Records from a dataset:
::::::::::

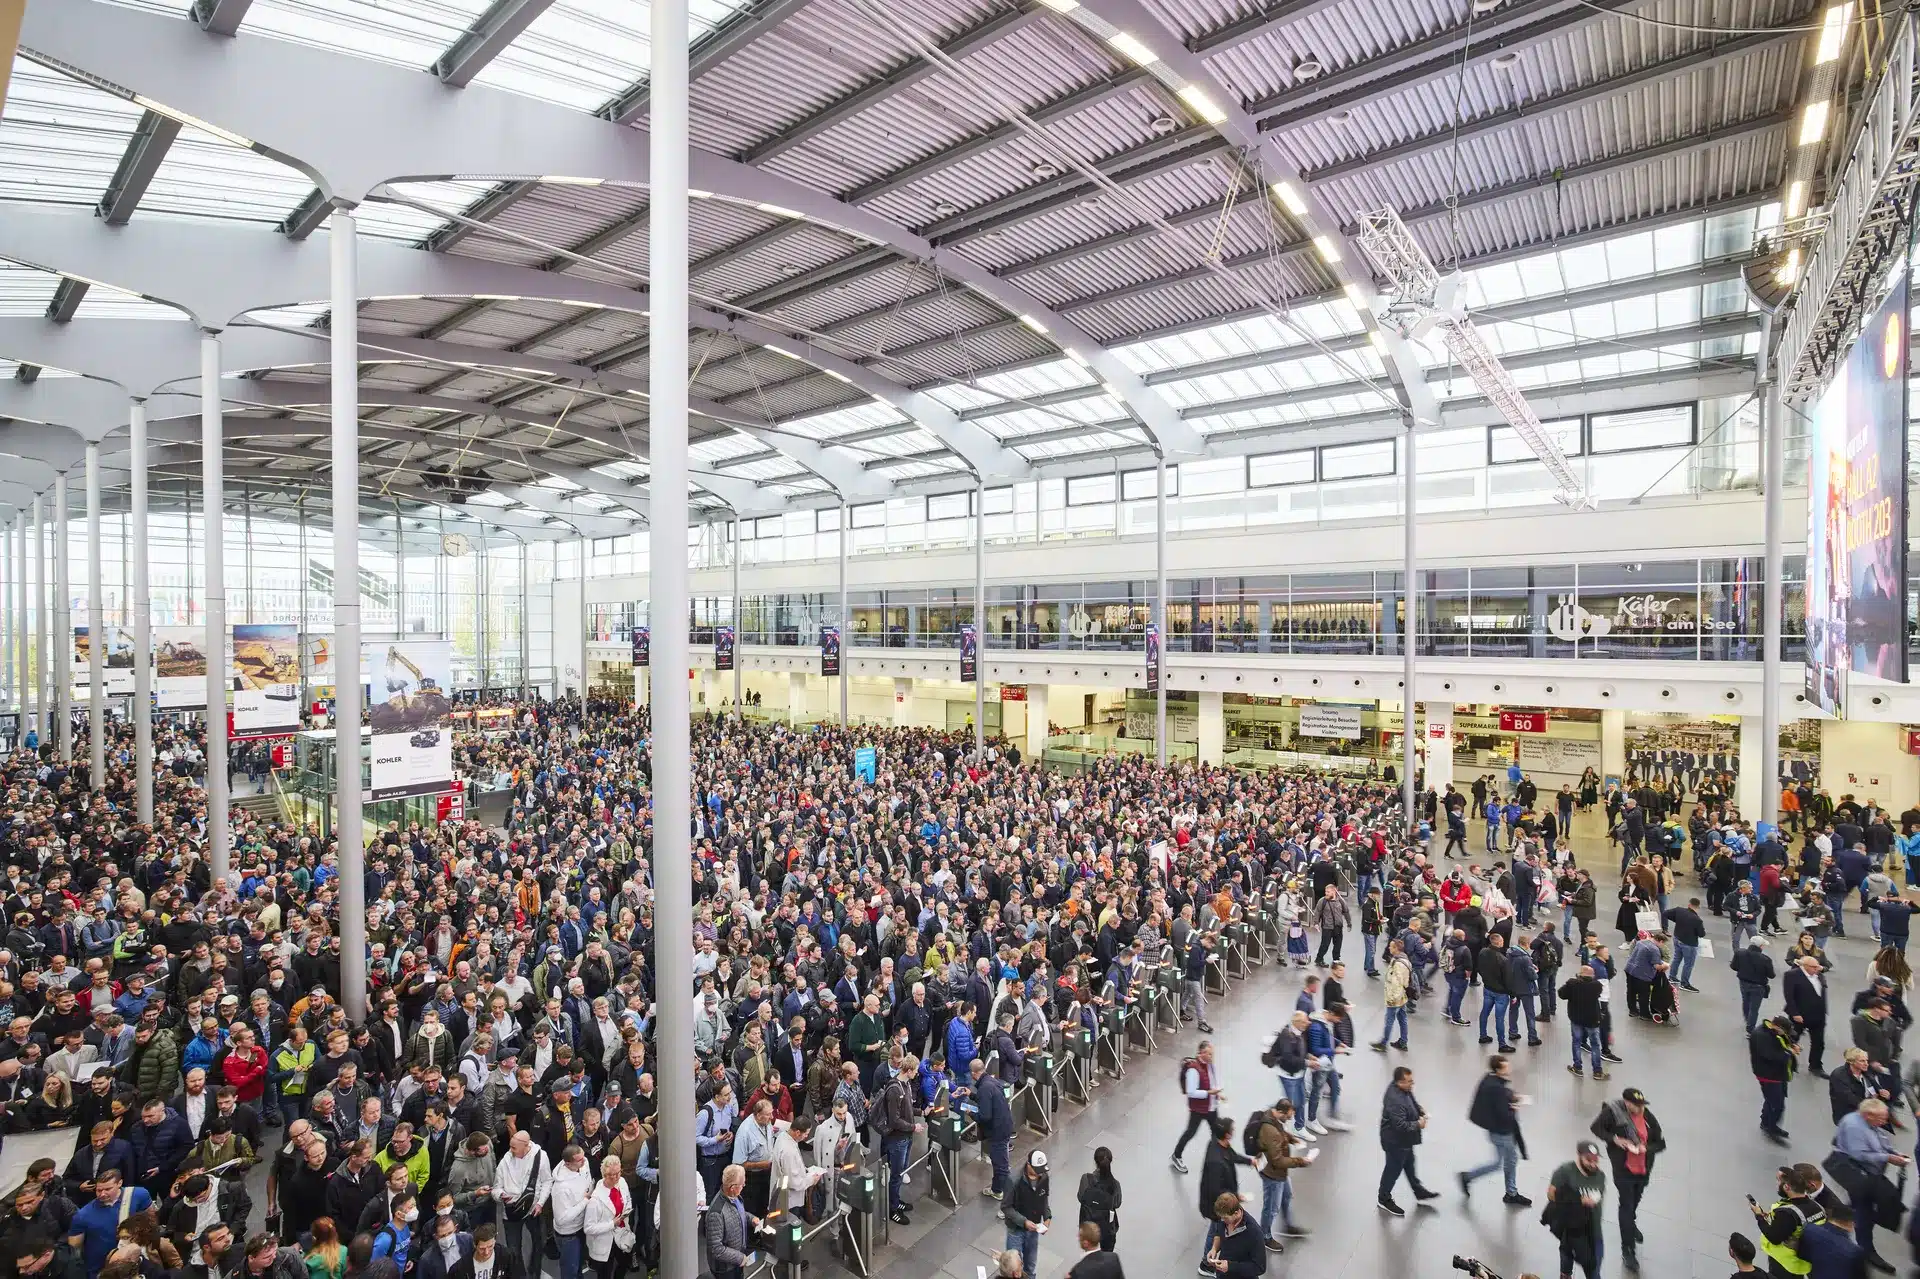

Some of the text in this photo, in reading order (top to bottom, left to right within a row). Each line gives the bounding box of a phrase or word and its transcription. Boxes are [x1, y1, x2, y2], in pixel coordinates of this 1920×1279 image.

[1873, 496, 1891, 540] 203
[1618, 594, 1681, 619] Käfer
[1667, 617, 1736, 630] am See
[1459, 722, 1498, 730] SUPERMARKE
[376, 756, 402, 764] KOHLER
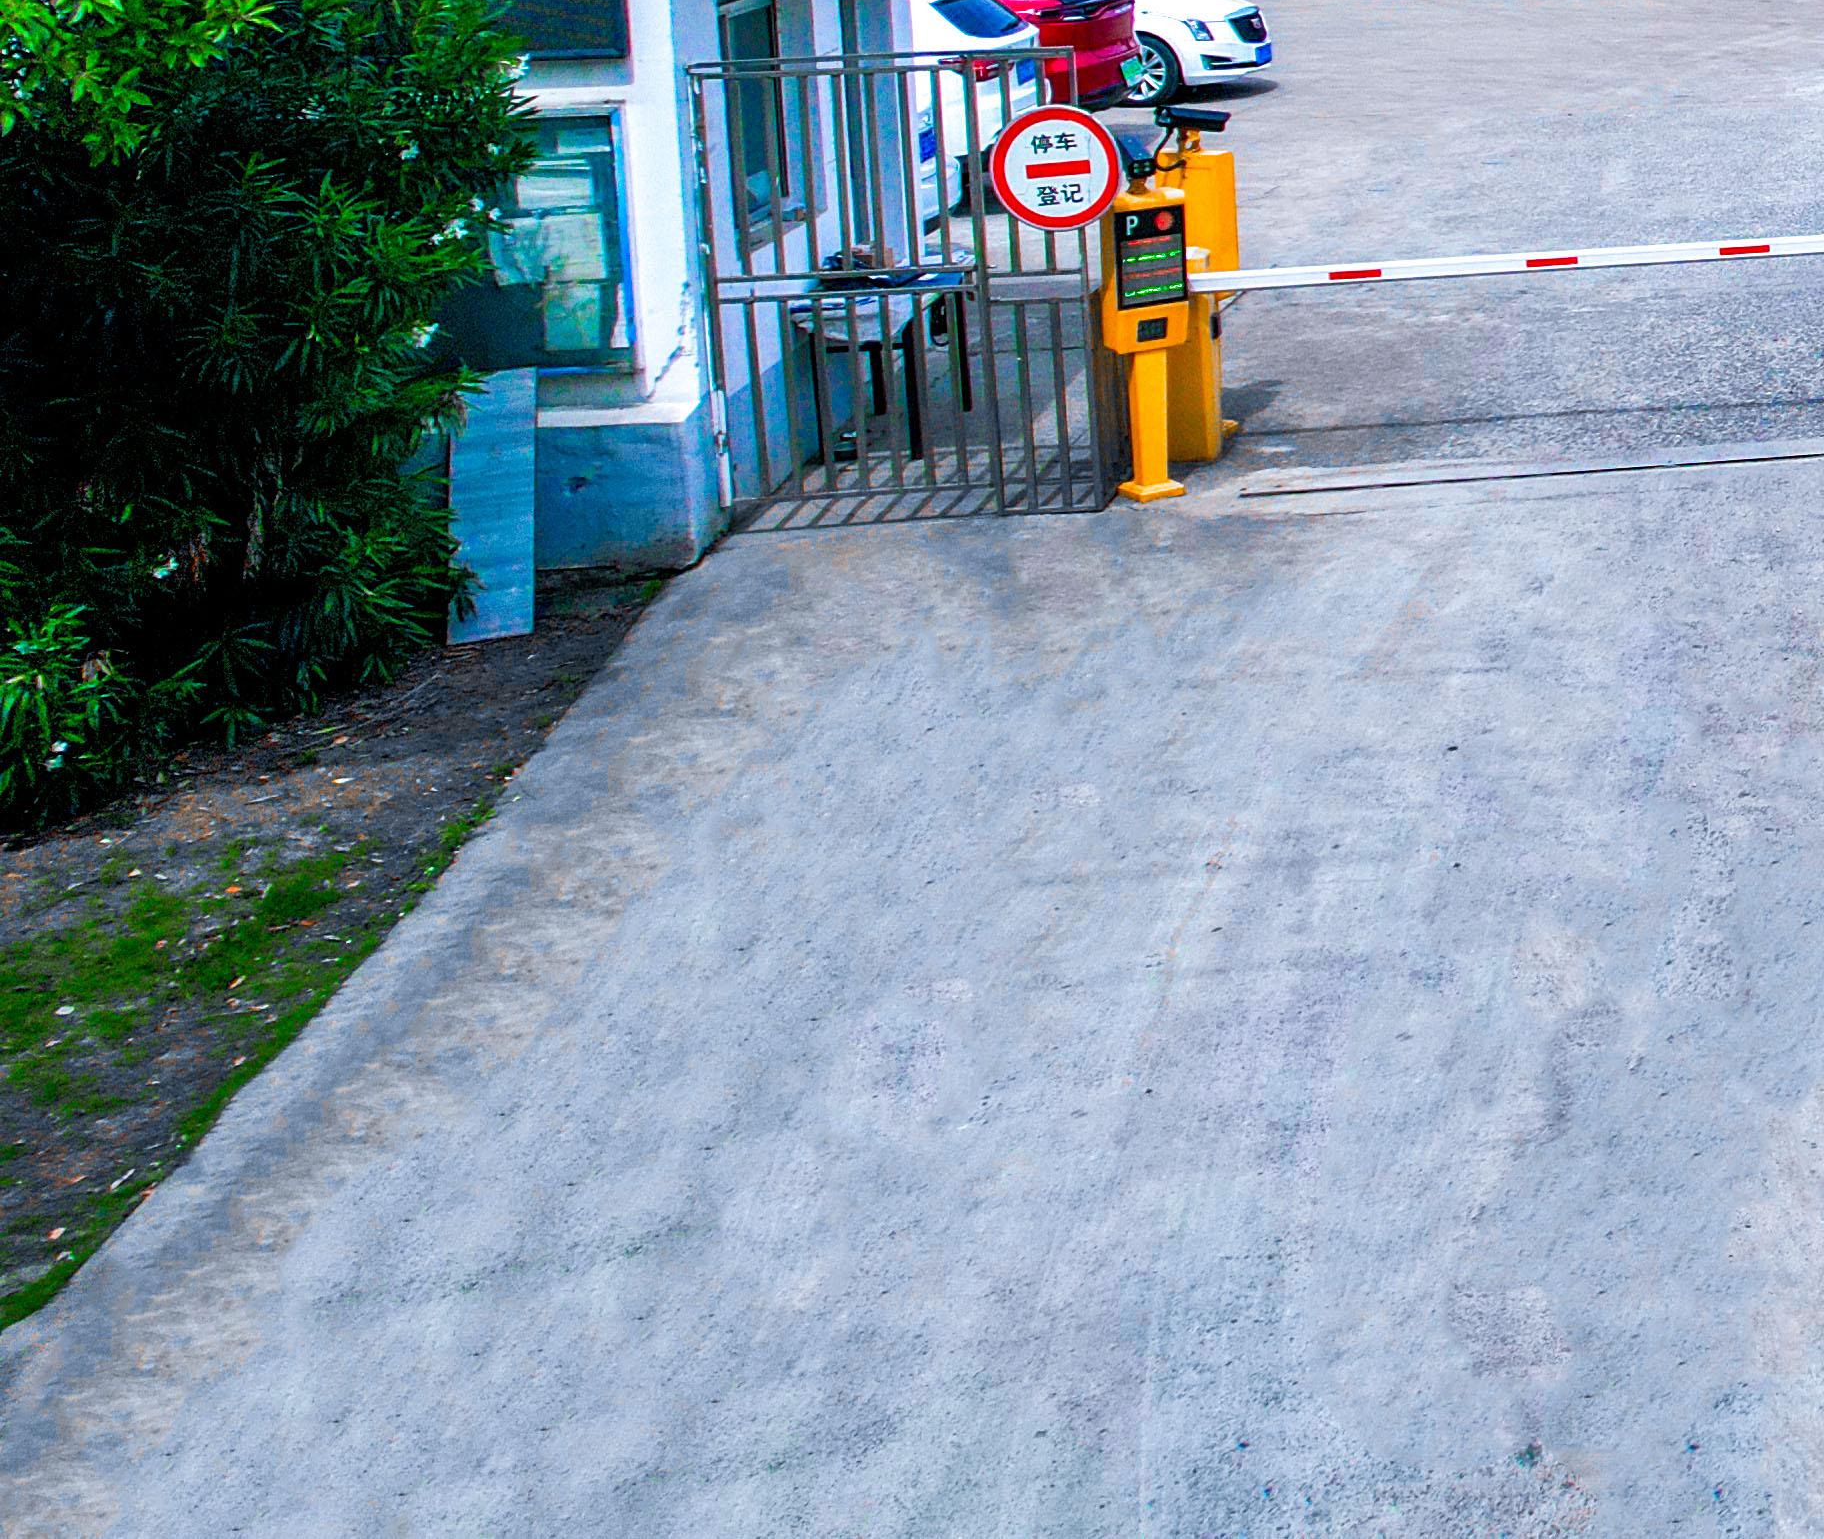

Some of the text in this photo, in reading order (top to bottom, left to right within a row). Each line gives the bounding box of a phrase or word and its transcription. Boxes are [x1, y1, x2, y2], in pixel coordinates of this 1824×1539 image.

[1031, 133, 1077, 154] 停车
[1037, 184, 1084, 206] 登记
[1126, 215, 1139, 236] P

::::::::::

_Requirement:_ Give the records a second time exactly, keeping the images out.

_Task solution:_
Some of the text in this photo, in reading order (top to bottom, left to right within a row). Each line gives the bounding box of a phrase or word and its transcription. Boxes are [x1, y1, x2, y2], in pixel coordinates of this 1920×1279 image.

[1873, 496, 1891, 540] 203
[1618, 594, 1681, 619] Käfer
[1667, 617, 1736, 630] am See
[1459, 722, 1498, 730] SUPERMARKE
[376, 756, 402, 764] KOHLER

Some of the text in this photo, in reading order (top to bottom, left to right within a row). Each line gives the bounding box of a phrase or word and its transcription. Boxes are [x1, y1, x2, y2], in pixel coordinates of this 1824×1539 image.

[1031, 133, 1077, 154] 停车
[1037, 184, 1084, 206] 登记
[1126, 215, 1139, 236] P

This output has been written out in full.